Officials quoted by "The Guardian" claim that prohibiting British citizens to vote in the May elections (even though GB still remains in the EU) would expose the EU to legal proceedings. According to the Guardian's source in the EU, from a legal point of view, it would be easier to postpone EP elections than to hold them without the British. This means that it is possible to change the date of the UK's exit from the EU, but not beyond the date of the EP elections.

Extreme scenarios quite possible

Time pressure and strong polarisation of views in the House of Commons imply a relatively high probability of extreme scenarios. These include, e.g. unstructured Brexit. Although practically nobody wants it (both in the British Parliament and in Brussels), such a solution cannot be ruled out.

Prime Minister May may also be playing with this threat to force the House of Commons to support her plan. This development could also expose the pound to serious volatility if Conservatives really want to hold on to power. This could cause the British currency's quotations to depreciate and fall even to the range of 4-4.50 PLN if the solution to the impasse did not come.
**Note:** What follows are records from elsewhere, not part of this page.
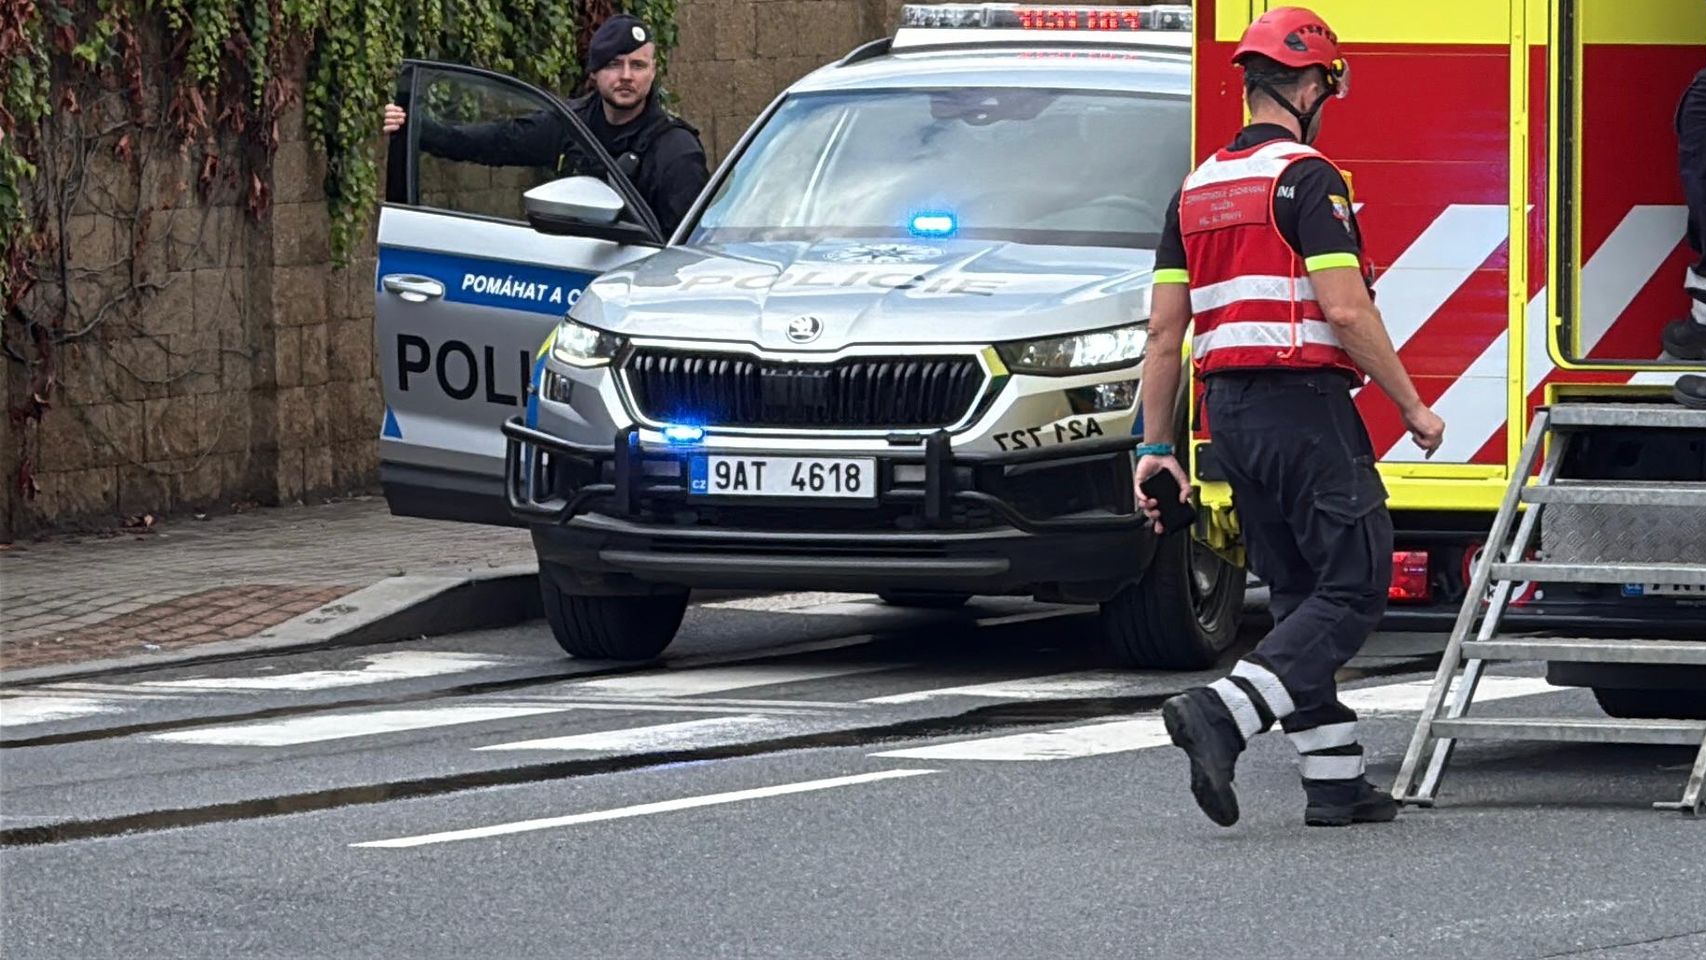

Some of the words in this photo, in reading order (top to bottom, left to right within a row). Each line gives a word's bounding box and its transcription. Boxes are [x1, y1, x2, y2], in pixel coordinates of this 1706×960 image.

[462, 274, 548, 301] POMÁHAT
[549, 290, 562, 305] A
[678, 271, 1008, 297] POLICIE
[692, 480, 707, 489] CZ
[715, 461, 766, 491] 9AT
[791, 462, 861, 493] 4618
On the other hand, a series of failures suffered by Prime Minister May, the unclear outcome of new elections and the lack of fundamental changes in the Brexit plan could lead to a completely new agreement with the EU, based on very soft terms (as in Norway), and to a referendum. If, in turn, this scenario gains support and becomes likely, it may be thought that it is not worth leaving the EU at all if the new agreement is so close to actual membership. Then a referendum on staying in the EU, rather than a new deal, seems to be quite real. It would give a strong impulse to the pound and growth even up to the 5.5 PLN level.